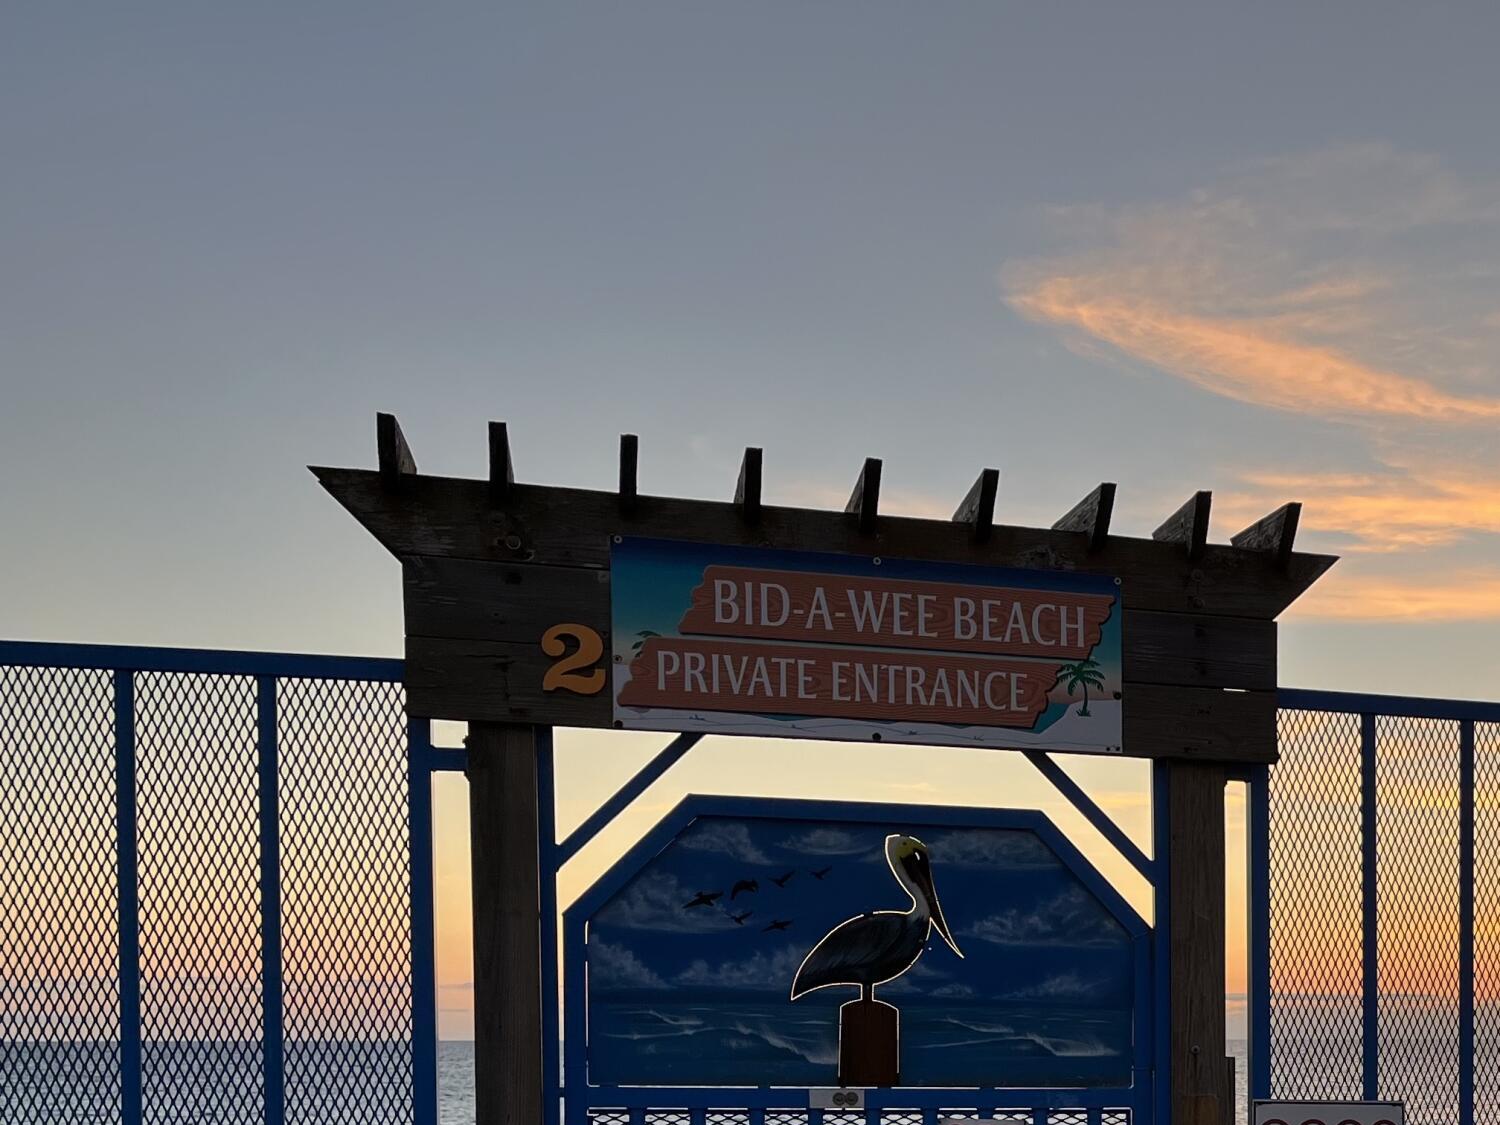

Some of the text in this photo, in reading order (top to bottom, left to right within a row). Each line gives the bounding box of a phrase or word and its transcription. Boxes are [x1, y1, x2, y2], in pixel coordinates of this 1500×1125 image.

[713, 579, 1086, 648] BID-A-WEE BEACH
[541, 623, 606, 695] 2
[656, 650, 1028, 712] PRIVATE ENTRANCE
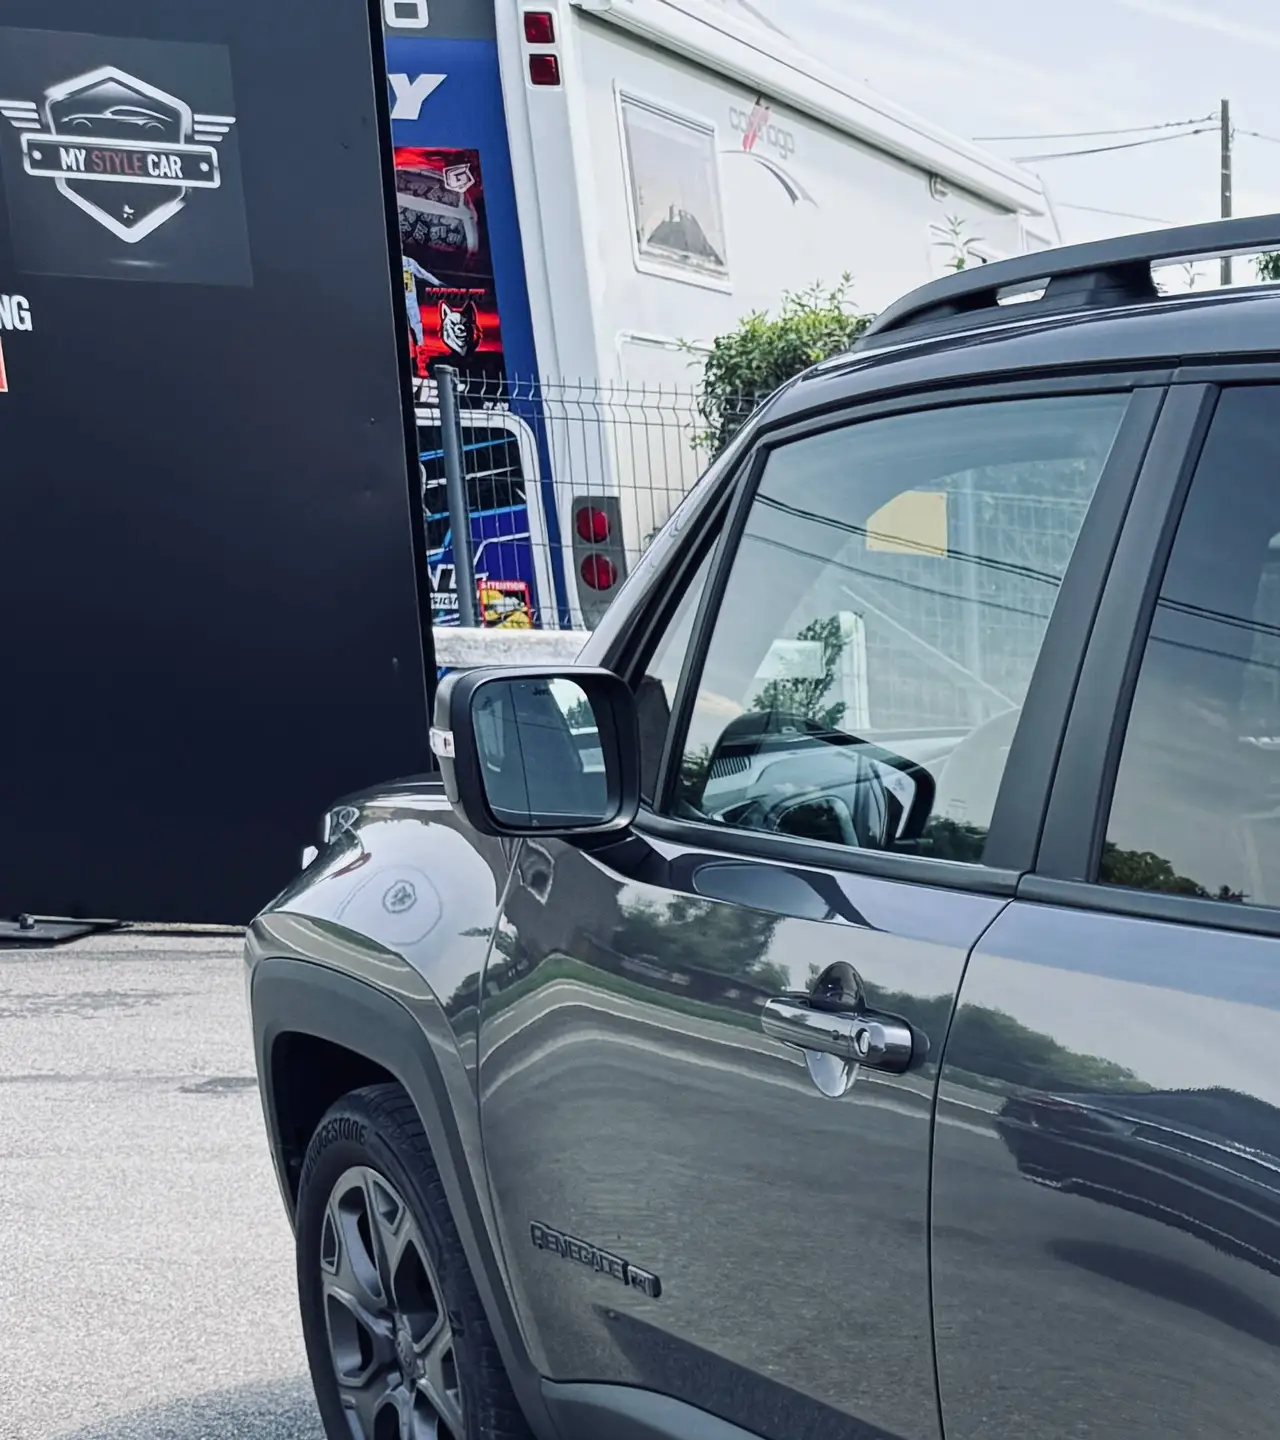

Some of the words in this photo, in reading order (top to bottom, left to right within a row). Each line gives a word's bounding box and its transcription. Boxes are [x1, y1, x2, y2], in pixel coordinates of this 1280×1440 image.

[59, 147, 86, 172] MY
[92, 151, 143, 175] STYLE
[147, 153, 183, 179] CAR
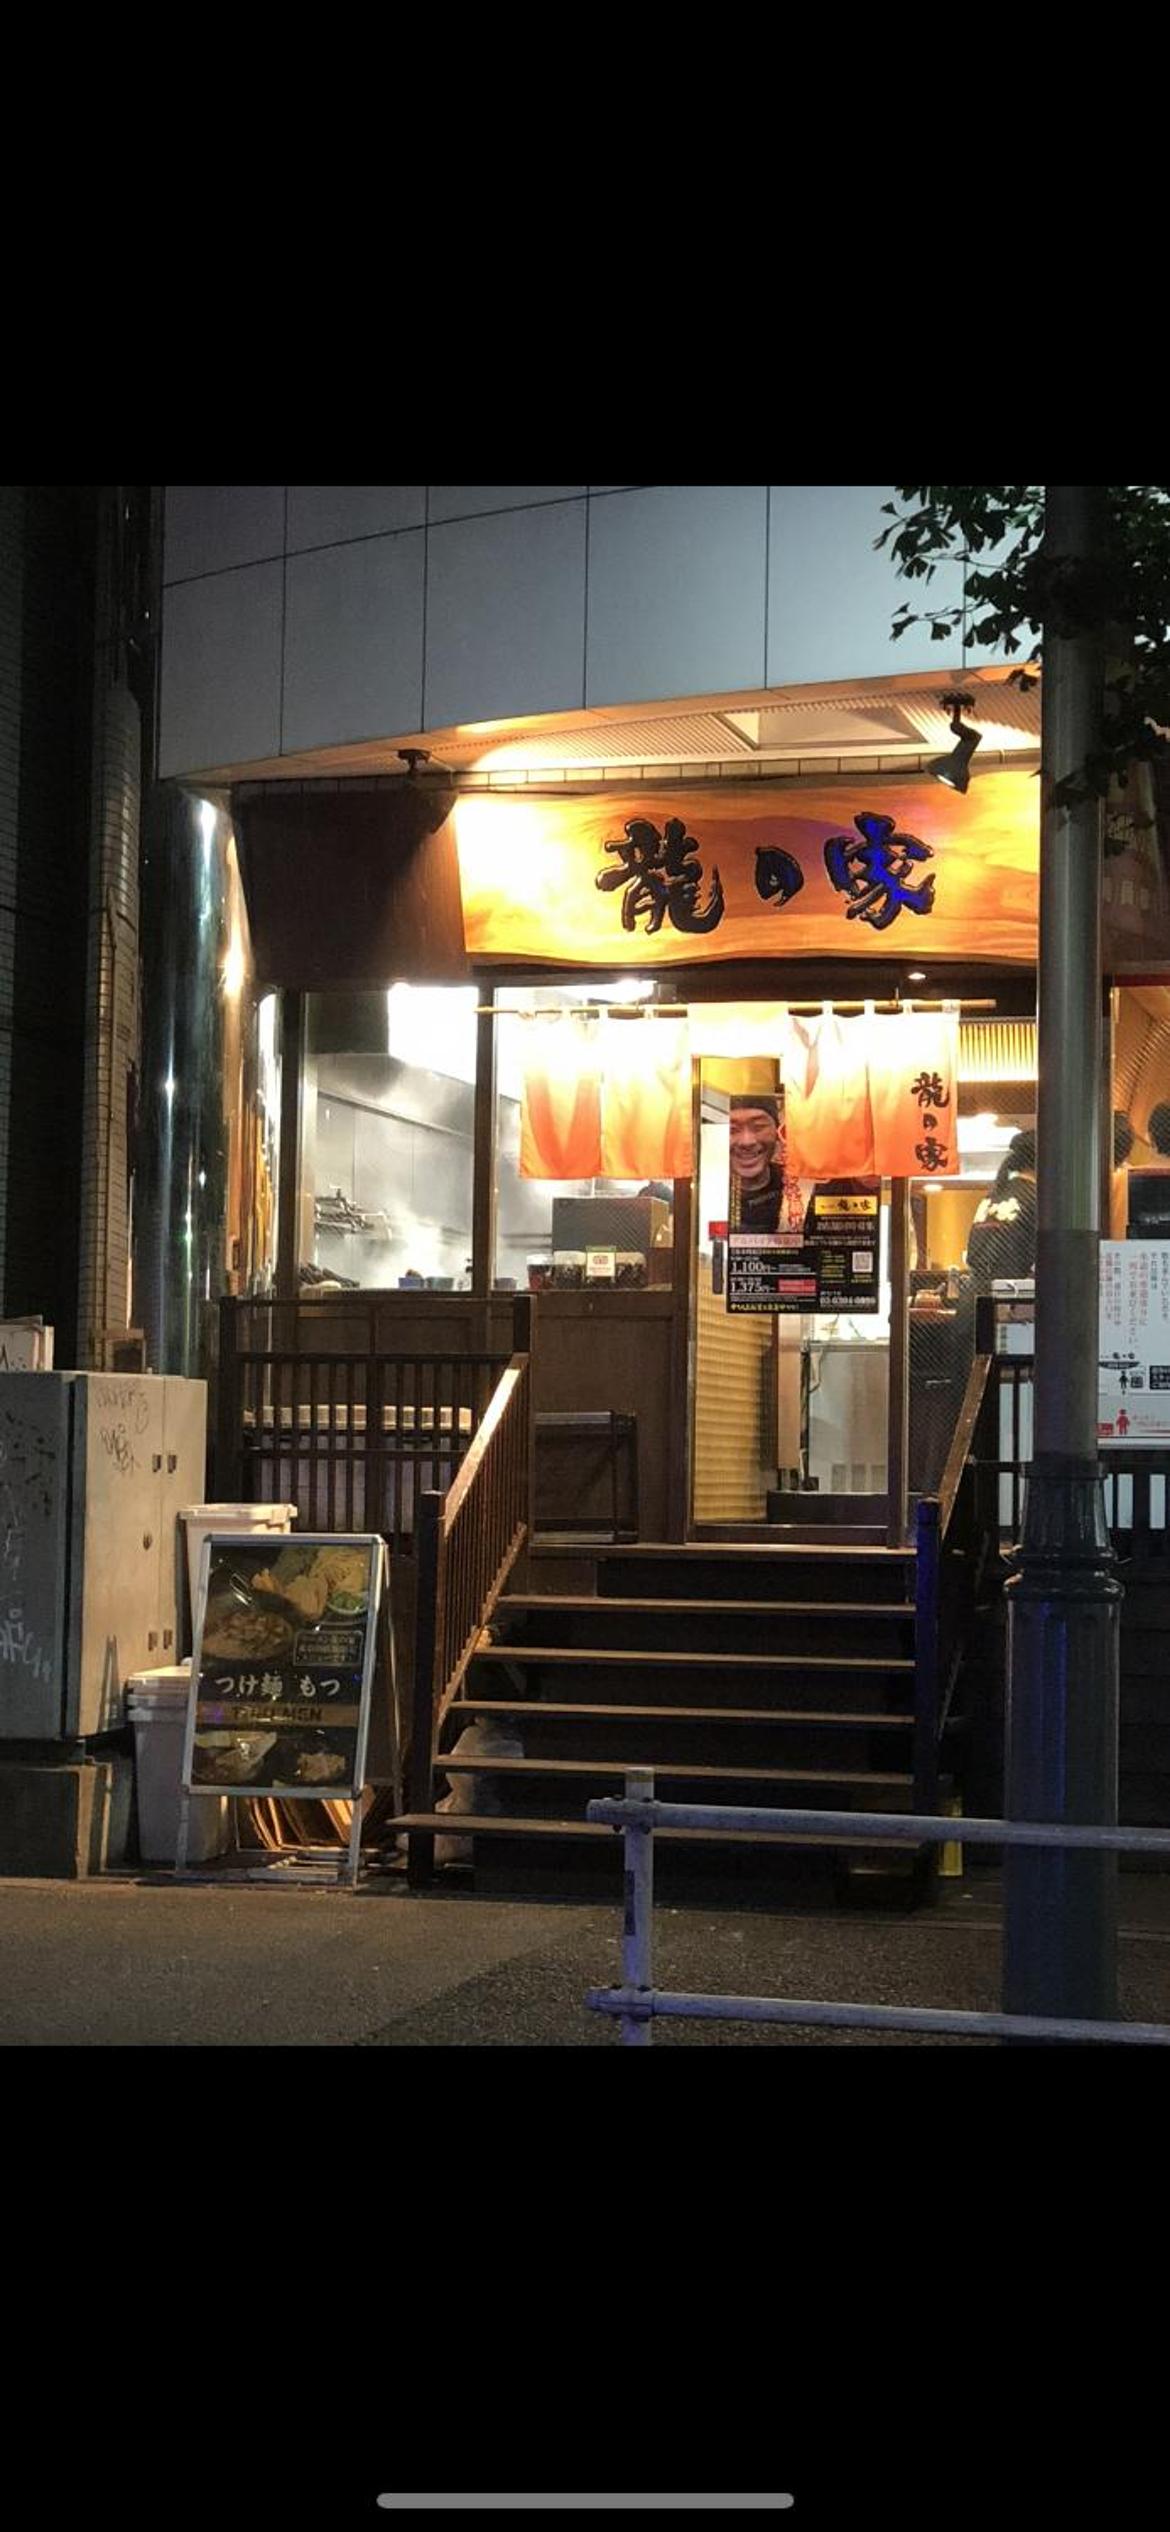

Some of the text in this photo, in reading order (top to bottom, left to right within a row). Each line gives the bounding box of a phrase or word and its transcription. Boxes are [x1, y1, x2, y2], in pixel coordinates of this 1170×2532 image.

[595, 812, 936, 934] 龍の家
[911, 1071, 950, 1172] 龍の家
[215, 1672, 341, 1697] つけ麺 もつ

========================================

Assignment:
Would you please repeat the entries above verbatim, excluding each picture?

Solution to the exercise:
Some of the text in this photo, in reading order (top to bottom, left to right within a row). Each line gives the bounding box of a phrase or word and its transcription. Boxes are [x1, y1, x2, y2], in pixel coordinates of this 1500×1125 image.

[713, 579, 1086, 648] BID-A-WEE BEACH
[541, 623, 606, 695] 2
[656, 650, 1028, 712] PRIVATE ENTRANCE

Some of the words in this photo, in reading order (top to bottom, left to right within a row). Each line gives a word's bounding box and its transcription. Boxes are [x1, y1, x2, y2], in pixel coordinates of this 1280×1440 image.

[59, 147, 86, 172] MY
[92, 151, 143, 175] STYLE
[147, 153, 183, 179] CAR

Some of the text in this photo, in reading order (top to bottom, left to right within a row). Each line gives the bounding box of a phrase or word and its transcription. Boxes are [x1, y1, x2, y2], in pixel coordinates of this 1170×2532 image.

[595, 812, 936, 934] 龍の家
[911, 1071, 950, 1172] 龍の家
[215, 1672, 341, 1697] つけ麺 もつ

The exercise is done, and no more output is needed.